> **PROVIDED RECORDS**
※ ※ ※

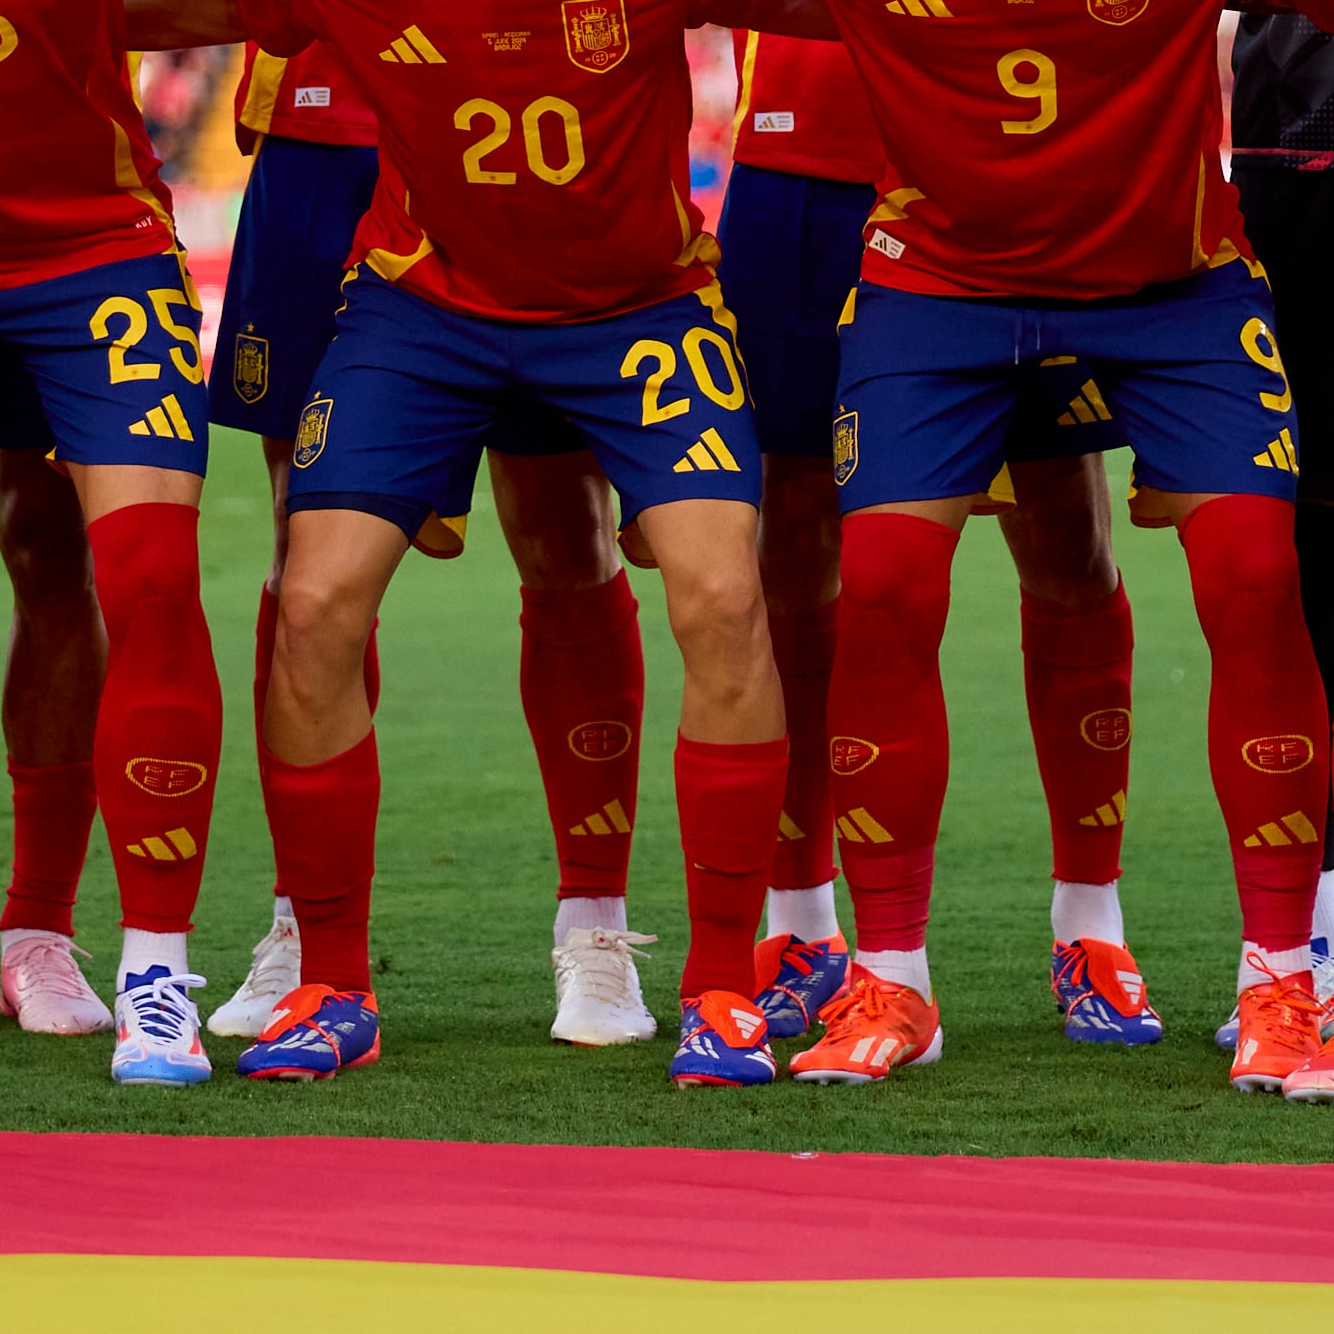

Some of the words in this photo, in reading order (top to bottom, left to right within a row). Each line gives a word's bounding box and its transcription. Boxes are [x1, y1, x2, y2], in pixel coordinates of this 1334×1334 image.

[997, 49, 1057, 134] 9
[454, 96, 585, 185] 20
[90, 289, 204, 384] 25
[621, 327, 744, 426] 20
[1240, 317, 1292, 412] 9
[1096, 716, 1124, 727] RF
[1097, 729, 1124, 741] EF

※ ※ ※

> **EXERCISE GOAL**
Write out every entry exactly. Pictures do not belong in the copy.

> **RESPONSE BOX**
Some of the words in this photo, in reading order (top to bottom, left to right within a row). Each line gives a word's bounding box and its transcription. Boxes are [x1, y1, x2, y2], in pixel coordinates of this 1334×1334 image.

[997, 49, 1057, 134] 9
[454, 96, 585, 185] 20
[90, 289, 204, 384] 25
[621, 327, 744, 426] 20
[1240, 317, 1292, 412] 9
[1096, 716, 1124, 727] RF
[1097, 729, 1124, 741] EF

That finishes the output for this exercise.